Кровать, на которой лежал Граф, стояла в лаборатории, под просветом в крыше, сквозь который оптические инструменты были нацелены на небесный экватор. И вот Карл Лауриц начал читать историю Темного холма – с того самого дня, когда гости оставили Графа. Но читал он не слово в слово, он все время изменял написанное в соответствии с открывшимися ему событиями, и за время чтения, которое продолжалось несколько недель, они с Графом сблизились как никогда прежде. Сблизил их единственно важный вопрос, который интересует и всех нас, а именно: существует ли на самом деле время. В полном согласии, что вообще-то не свойственно отношениям господина и слуги, они наконец-то поняли, что означали слова великого Парацельса, сказанные им, когда его на носилках выносили из подвала замка, где он наливался токайским и развлекался с тремя копенгагенскими жрицами любви. Парацельс тогда поднял голову с носилок и произнес: «Черт возьми, это не иначе как центр Вселенной…»
Когда они дошли до этого места, Граф был уже совершенно прикован к постели, и ничто больше не могло остановить Карла Лаурица, который неотвратимо приближался к современности и читал об инбридинге коров и лошадей, об инцестах среди слуг, о смерти музыкантов, о чуме, поразившей скот, о нашествии грибка, от которого в средневековом хозяйстве Темного холма не было никакого спасения, и о таком невероятном количестве других происшествий, что тем временем наступила зима, а чтение началось осенью.
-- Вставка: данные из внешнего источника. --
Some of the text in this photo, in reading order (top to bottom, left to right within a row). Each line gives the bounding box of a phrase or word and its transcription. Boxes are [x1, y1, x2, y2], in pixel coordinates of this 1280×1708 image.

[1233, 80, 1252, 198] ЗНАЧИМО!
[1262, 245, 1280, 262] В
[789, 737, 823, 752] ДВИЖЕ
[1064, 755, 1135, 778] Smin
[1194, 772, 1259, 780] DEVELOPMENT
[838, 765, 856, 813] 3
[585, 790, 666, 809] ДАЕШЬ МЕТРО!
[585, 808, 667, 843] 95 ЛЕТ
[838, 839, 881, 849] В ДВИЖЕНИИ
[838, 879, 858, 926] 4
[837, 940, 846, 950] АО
В рождественский вечер мисс Кларисса поднялась в лабораторию, чтобы позвать Графа и Карла Лаурица в гостиную, где за столом, перед золотыми тарелками, сидели Графиня и дети, смиренно ожидая папочку, то есть Графа, который пробыл в лаборатории так долго, что они уже почти забыли, как он выглядит.
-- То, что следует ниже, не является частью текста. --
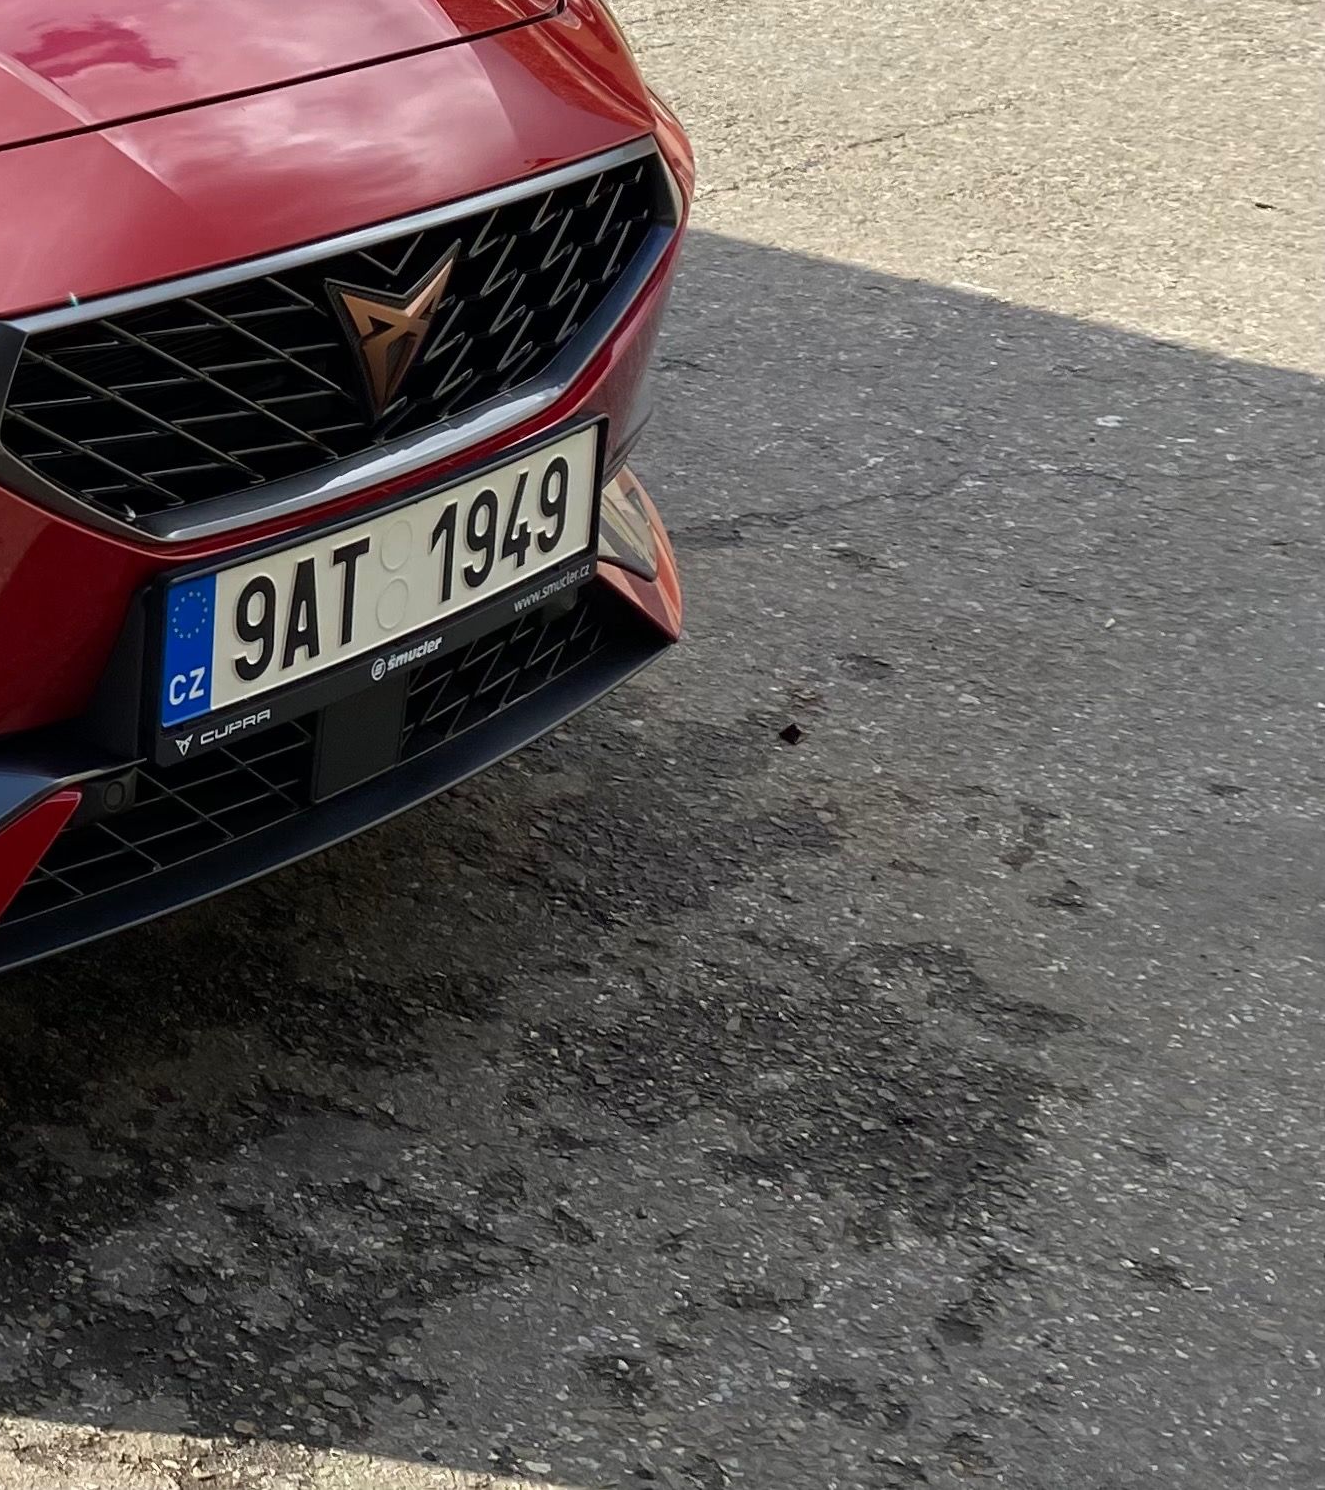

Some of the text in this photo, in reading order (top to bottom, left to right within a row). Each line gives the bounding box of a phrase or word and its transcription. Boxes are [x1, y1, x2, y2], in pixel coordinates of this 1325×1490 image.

В лаборатории царил полумрак, Карл Лауриц читал при свете реторт с фосфоресцирующими жидкостями, и, увидев Клариссу, они с Графом отослали ее назад, сказав, что просят принести им ужин в лабораторию и даже и речи не может быть о том, чтобы им прерваться, потому что они как раз подошли к самому интересному месту: Карл Лауриц читал про воровство полотна в замке и о том, как управляющий переписывал почту, и о том, как Якоби занес в книги дату рождения Карла Лаурица. Иногда секретарь уставал и останавливался, но Граф тут же просил его продолжать. Во время чтения Граф молчал, воздерживался от возражений и все более убеждался в том, как он был прав, и все сильнее верил в то, что он, хотя паралич уже охватил большую часть тела, никогда еще не был так близок к бессмертию. Карл Лауриц прочитал про свое обучение, про смерть своего приемного отца и про то, как он без разрешения покидал Темный холм; он даже не поднял глаз от книги, когда Граф потребовал, чтобы мумифицированное тело управляющего вместе с лошадью и всем остальным перенесли к нему наверх, чтобы он сам мог убедиться в том, что после смерти взгляд управляющего приобрел особую проницательность – взгляд, под которым жизнь в Темном холме продолжалась без изменений. Паралич затруднял дыхание Графа, а Карл Лауриц в это время читал о своей любовной связи с мисс Клариссой, и прервался лишь один раз, подвинувшись поближе к Графу, чтобы своим голосом перекрыть прерывистый хрип его легких.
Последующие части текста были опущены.